About this Research Topic
We want to encourage the proper use of RWD in health research by presenting examples of causal questions arising in a medical research context and tackled via an analysis of RWD, in a way that correctly addressed the causal aspects of the problem. We welcome papers where RWD are used to address a meaningful causal question in cardiovascular and/or stroke medicine, typically as an input to health policy-making, medical resource prioritization, clinical decision-making, or drug discovery. The paper should illustrate a mix of medical and statistical knowledge. Studies based on the use of causal inference methods are especially welcome.
We are not precluded from accepting papers based on the use of AI and machine-learning methods, provided the causal aspects of the analysis are correctly addressed. Papers illustrating synergism between the RWD and RCT approaches are also welcome.

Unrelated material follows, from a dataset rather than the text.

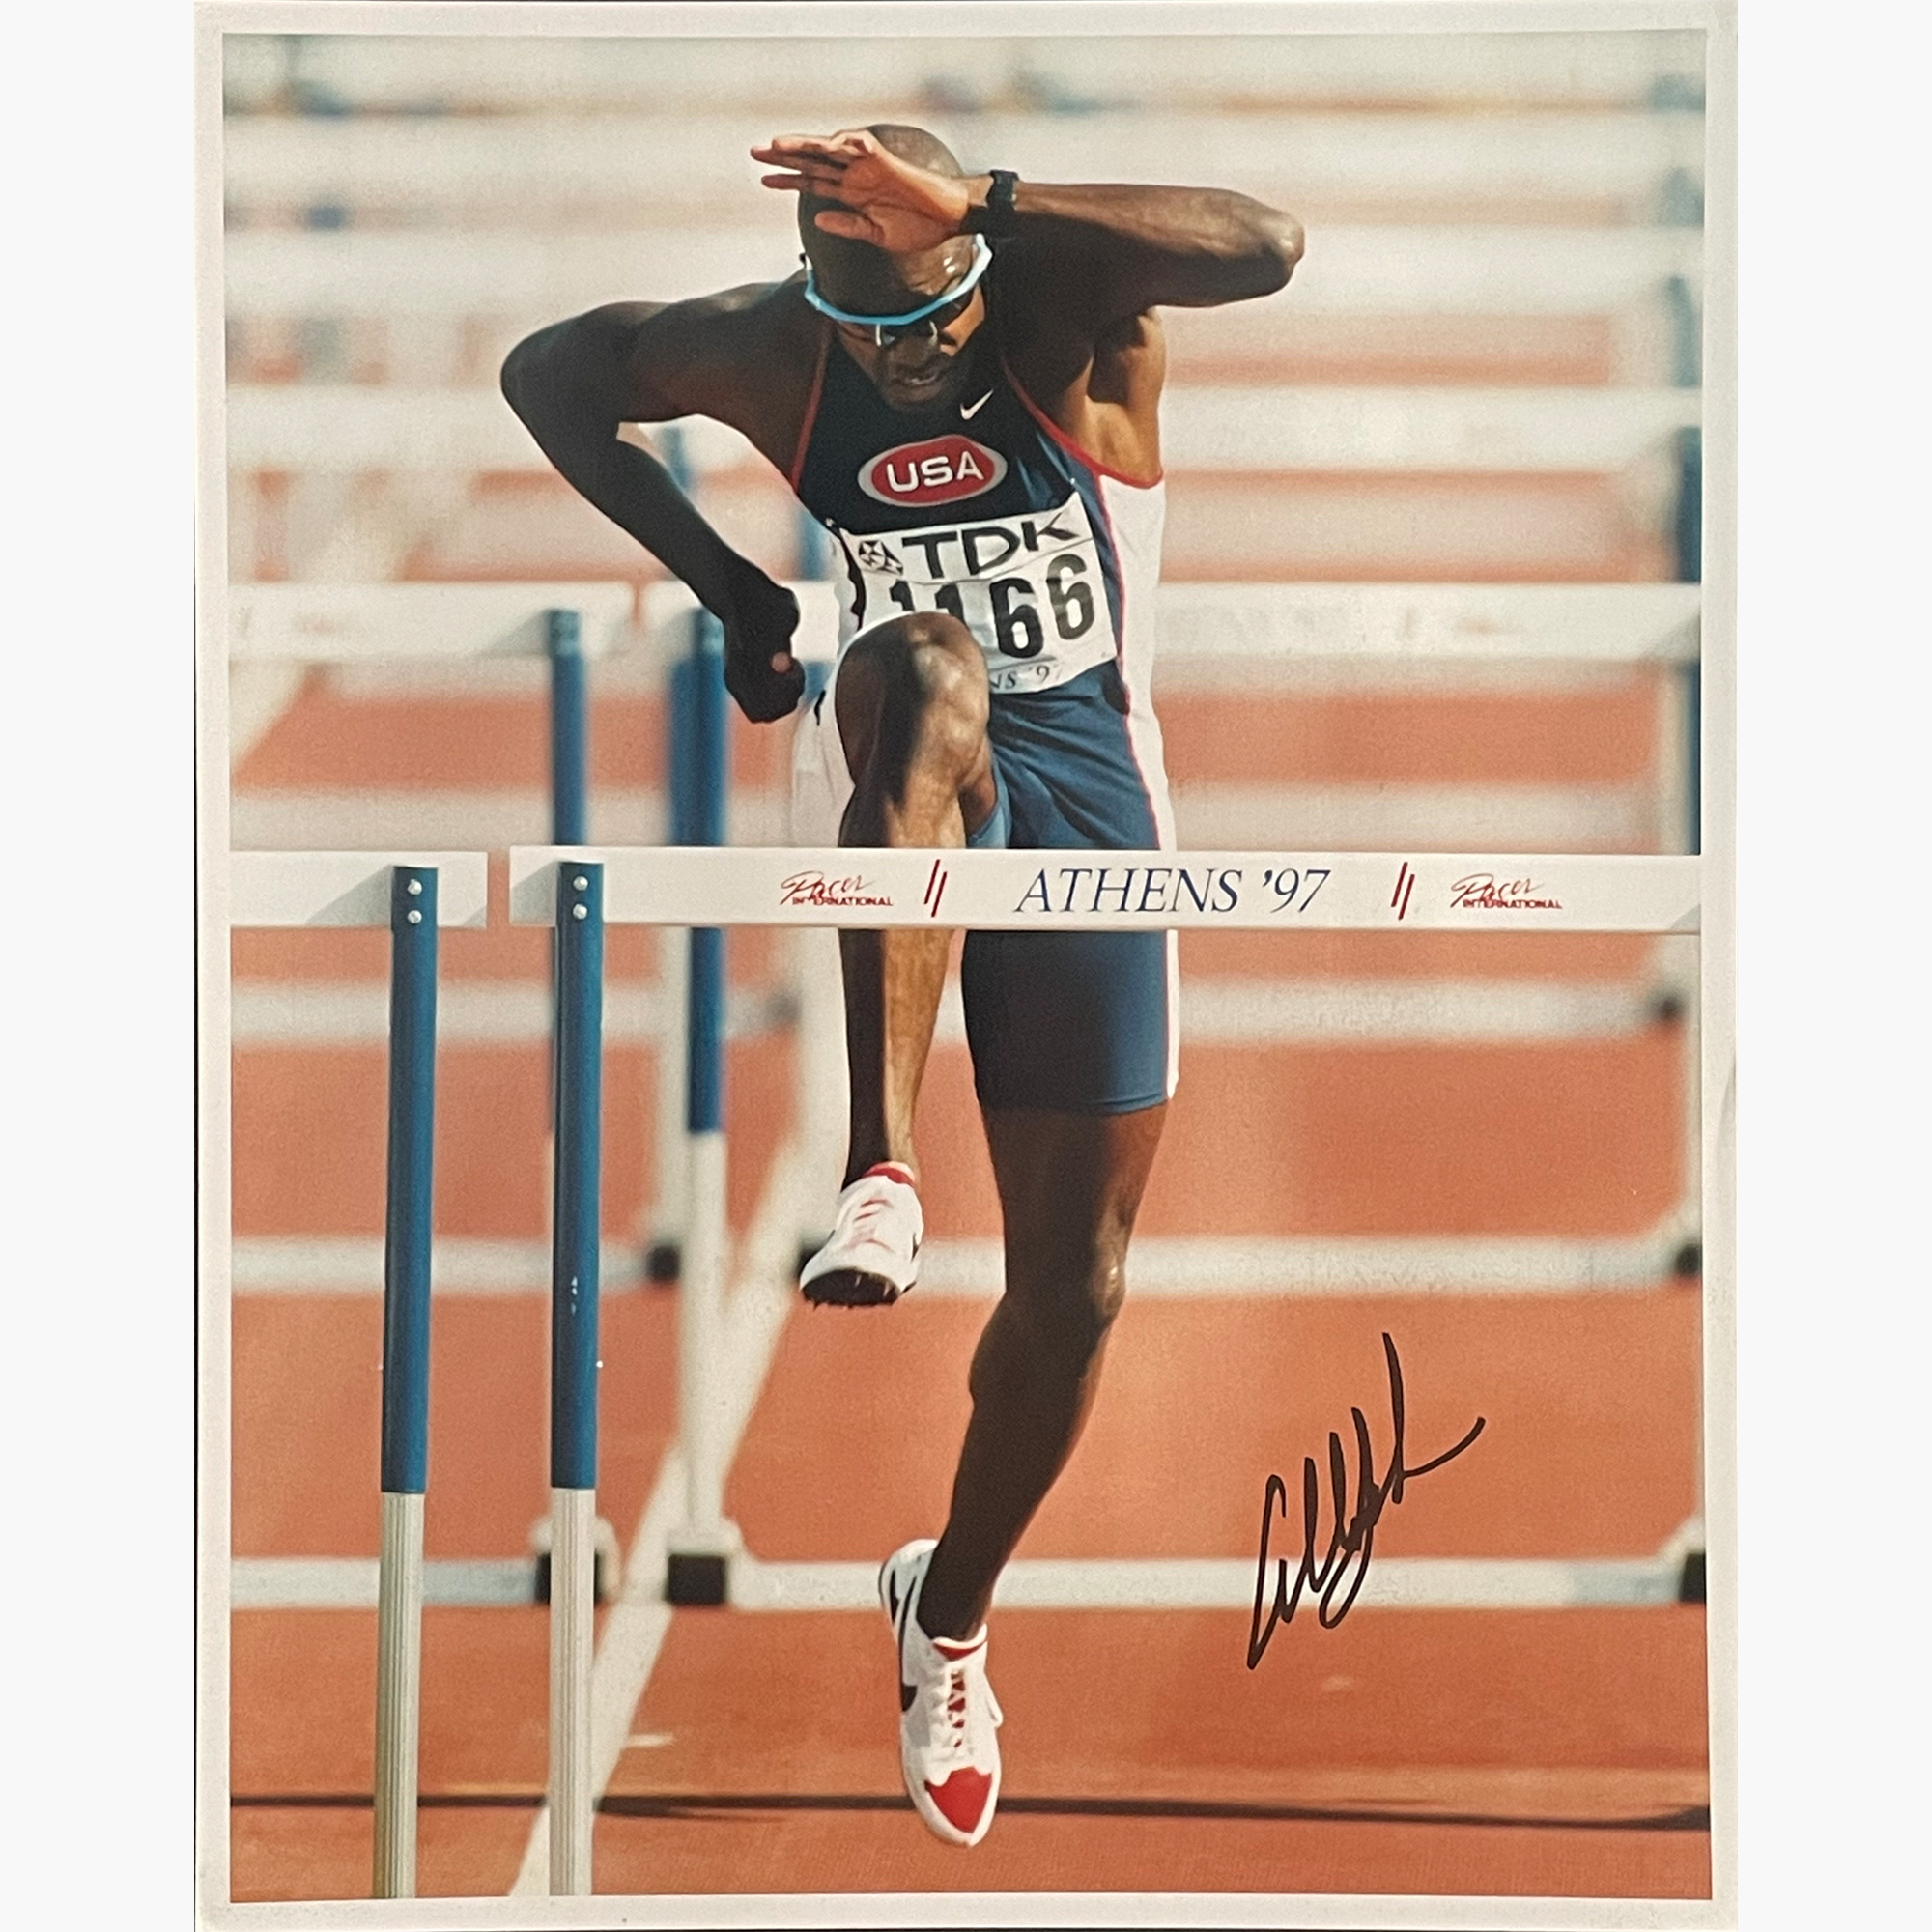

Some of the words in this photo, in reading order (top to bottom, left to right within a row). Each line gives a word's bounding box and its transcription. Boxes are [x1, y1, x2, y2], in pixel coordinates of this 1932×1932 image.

In this Research Topic, we aim to cover:
- assessment of the causal effect of a patient-level or population-level intervention, or identifying modifiers of that effect
- use of EHR datasets to create contemporaneous external control arms in Early Phase Clinical Trials
- use of RWD to assess treatment outcomes for patients with rare diseases or vulnerabilities
- use of RWD to emulate RCTs
- use of genetic instruments to assess the effect of exposure on a medical outcome
- exploring gene-gene or gene-environment or gene-treatment causative interaction
- use of causal inference methods (eg, Mendelian Randomisation, colocalisation, mediation, mechanistic interaction) to explore the way genetic information modulates disease risk by penetrating the upstream layers of molecular pathways.
- sampling strategies to reduce bias to collect RWD data in a medical research context
Keywords: genetics, Observational Studies, Statistical Data Analysis, Causal Inference, Data Science, Epidemiology, Medical Data Bases, Hospital Records, real world data sampling
Important Note: All contributions to this Research Topic must be within the scope of the section and journal to which they are submitted, as defined in their mission statements. Frontiers reserves the right to guide an out-of-scope manuscript to a more suitable section or journal at any stage of peer review.